Do what I did. Do your homework before you even stop. Research, learn and understand. Even to this day I have the important quotes I made from that on my phone, just to remind me. I’m not in the slightest bit tempted and can’t see myself tempted again, but if I ever am, I want to be prepared.

How has quitting the booze affected you, both as a DJ and in your normal life?

It was never really an issue for me in the moment of performing (as I said I never used to drink at all at that point) but I’m absolutely more focused than I ever was.
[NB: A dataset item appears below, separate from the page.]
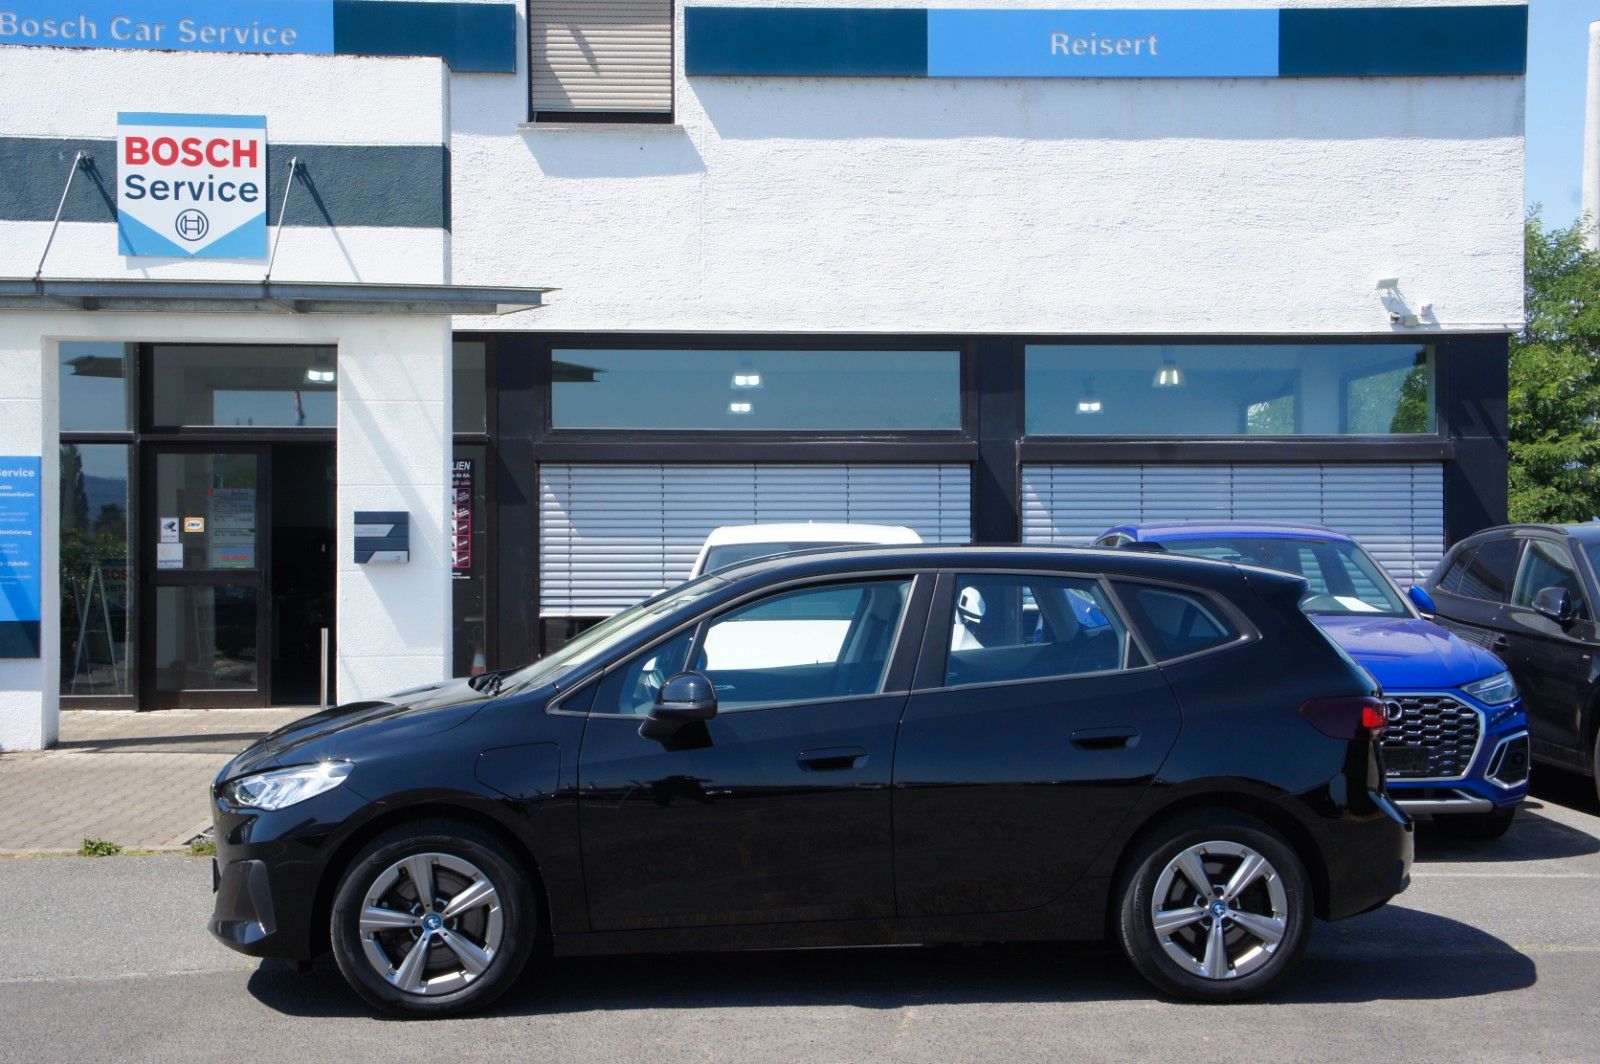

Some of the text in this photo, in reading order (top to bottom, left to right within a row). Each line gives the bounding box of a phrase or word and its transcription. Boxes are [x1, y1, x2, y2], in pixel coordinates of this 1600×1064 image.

I’m naturally a positive person, but my positive thoughts are now even stronger. Whereas before I might worry about certain things, I don’t consume myself with worry anymore. I deal with things better and move on. I get stuff done. I find myself analysing my life and removing anything bad. I wake up a lot earlier than I used to and I don’t find myself pointlessly tweaking a hi hat sound at 3am in the morning.

Stats tell us that kids these days are drinking less. Why do you reckon this is?

I’m not sure that’s the case, especially in the UK. You only have to look at town centres on a Friday or Saturday to realise this. Nothing has ‘suddenly’ got better. Just look at the office of national statistics website: 2016/17 there were 337 thousand estimated admissions where the main reason for admission to hospital was attributable to alcohol. This is 1% lower than 2015/16 and 17% higher than 2006/07. You tell me what that says to you? 10 years ago, Tony Blair said that 24 hour drinking would put us ‘in line with Europe’ and solve all our problems. It hasn’t. It’s only made it worse. Don’t listen to the headlines, make your own judgement and choose what is best for your life, not others.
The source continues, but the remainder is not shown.